ARTICLE
Scleroderma is a chronic disease of unknown aetiology in which sclerosis
of the skin develops with or without involvement of internal organs. Based
on the presence or absence of systemic disease, scleroderma is divided
into very distinct clinical categories: systemic scleroderma or systemic
sclerosis (SSc), and localized scleroderma (LS) or morphea. The latter
may be further subdivided into the following major types: (a) plaque morphea;
(b) generalized morphea; and (c) linear scleroderma. However, other less
common or exceedingly rare variants of LS are seen [1]. Children are more
likely than adults to develop LS, particularly linear scleroderma [2].
Furthermore, the pediatric population more frequently shows extracutaneous
changes, most notably orthopedic, ocular and neurologic abnormalities.
We examined, retrospectively, 239 patients (113 adults and 126 children)

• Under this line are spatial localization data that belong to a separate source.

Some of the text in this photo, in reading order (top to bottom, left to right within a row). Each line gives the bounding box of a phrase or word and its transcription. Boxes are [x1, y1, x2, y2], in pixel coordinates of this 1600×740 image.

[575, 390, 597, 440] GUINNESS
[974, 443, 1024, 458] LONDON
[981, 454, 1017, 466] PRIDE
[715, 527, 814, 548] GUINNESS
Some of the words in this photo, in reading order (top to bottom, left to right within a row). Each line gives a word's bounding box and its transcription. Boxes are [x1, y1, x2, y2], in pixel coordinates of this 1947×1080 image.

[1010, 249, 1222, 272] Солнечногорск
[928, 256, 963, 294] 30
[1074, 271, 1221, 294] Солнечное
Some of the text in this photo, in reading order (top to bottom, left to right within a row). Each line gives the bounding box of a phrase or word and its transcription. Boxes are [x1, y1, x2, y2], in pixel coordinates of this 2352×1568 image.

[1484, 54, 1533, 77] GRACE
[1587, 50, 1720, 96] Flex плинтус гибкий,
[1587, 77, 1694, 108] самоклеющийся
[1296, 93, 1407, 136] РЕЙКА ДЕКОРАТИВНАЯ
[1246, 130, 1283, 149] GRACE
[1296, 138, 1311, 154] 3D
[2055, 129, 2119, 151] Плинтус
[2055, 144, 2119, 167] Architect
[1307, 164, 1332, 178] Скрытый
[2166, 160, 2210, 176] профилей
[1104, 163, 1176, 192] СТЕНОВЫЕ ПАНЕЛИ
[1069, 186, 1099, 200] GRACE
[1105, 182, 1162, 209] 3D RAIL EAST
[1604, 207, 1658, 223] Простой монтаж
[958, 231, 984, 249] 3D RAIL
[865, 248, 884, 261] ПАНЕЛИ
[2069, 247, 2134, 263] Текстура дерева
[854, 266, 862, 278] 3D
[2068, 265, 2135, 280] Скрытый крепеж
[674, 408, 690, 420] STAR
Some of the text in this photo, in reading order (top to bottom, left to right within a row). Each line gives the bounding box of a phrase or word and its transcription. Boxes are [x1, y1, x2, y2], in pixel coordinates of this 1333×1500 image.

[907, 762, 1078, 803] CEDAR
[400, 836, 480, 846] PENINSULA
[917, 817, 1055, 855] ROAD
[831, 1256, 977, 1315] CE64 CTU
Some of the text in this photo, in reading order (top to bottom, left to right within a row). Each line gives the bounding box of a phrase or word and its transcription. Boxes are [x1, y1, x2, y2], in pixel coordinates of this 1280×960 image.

with various forms of LS, with the aim of defining the prevalence and
type of laboratory abnormalities, and extracutaneous manifestations. More
intriguingly, we attempted to characterize the differences between the
adult and pediatric groups, with relation to the clinical and biological
parameters mentioned above.
Patients and methods
We evaluated, by using a retrospective method, 239 patients suffering
from LS, seen at our department from 1980 up to 2001. All the patients
were diagnosed as having different clinical variants of LS, according
to the classification system proposed by Peterson et al. [1]. Clinical
parameters evaluated were: age, sex, type of skin lesions, systemic symptoms
and signs, duration of disease, follow-up, and associated disorders. To
class a patient in the adult group versus the childhood group, the age
of onset cut-off was considered by ourselves to be 15 years. All
patients were re-evaluated by clinical examination at the moment of performing
this study.
Complete remission was defined as clinically proven lack of inflammation
and/or complete absence of residual sclerosis in typical skin lesions.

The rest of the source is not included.